Items from a data source:
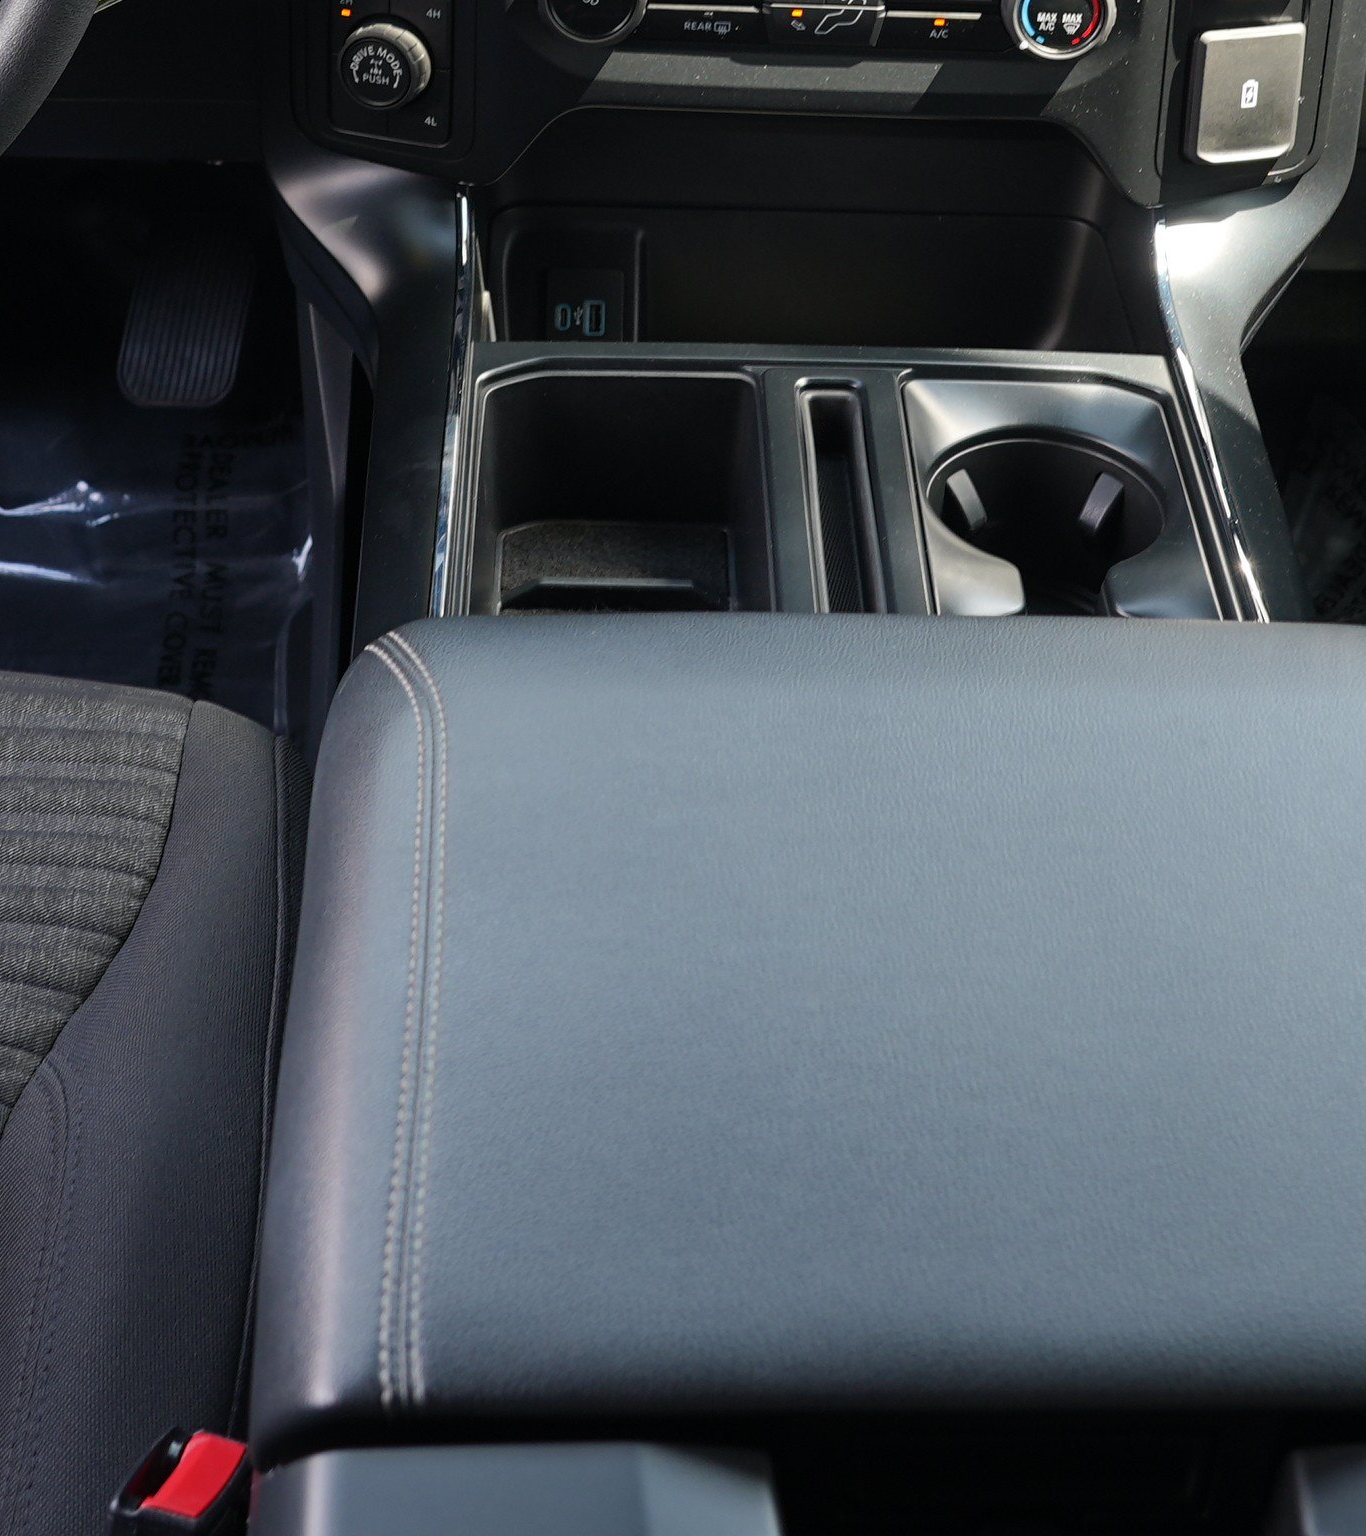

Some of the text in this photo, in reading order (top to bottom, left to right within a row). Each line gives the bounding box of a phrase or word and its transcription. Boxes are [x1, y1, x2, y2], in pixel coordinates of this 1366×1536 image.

[425, 8, 441, 20] 4H
[1037, 12, 1058, 23] MAX
[1062, 13, 1083, 24] MAX
[683, 21, 713, 31] REAR
[1039, 22, 1055, 32] A/C
[929, 29, 949, 40] A/C
[350, 45, 403, 76] DRIVE MODE
[362, 73, 390, 85] PUSH
[424, 115, 438, 127] 4L

**WHAT TO WORK ON**
Drop the images and copy all the data exactly.

**EXPECTED ANSWER**
Some of the text in this photo, in reading order (top to bottom, left to right within a row). Each line gives the bounding box of a phrase or word and its transcription. Boxes are [x1, y1, x2, y2], in pixel coordinates of this 1366×1536 image.

[425, 8, 441, 20] 4H
[1037, 12, 1058, 23] MAX
[1062, 13, 1083, 24] MAX
[683, 21, 713, 31] REAR
[1039, 22, 1055, 32] A/C
[929, 29, 949, 40] A/C
[350, 45, 403, 76] DRIVE MODE
[362, 73, 390, 85] PUSH
[424, 115, 438, 127] 4L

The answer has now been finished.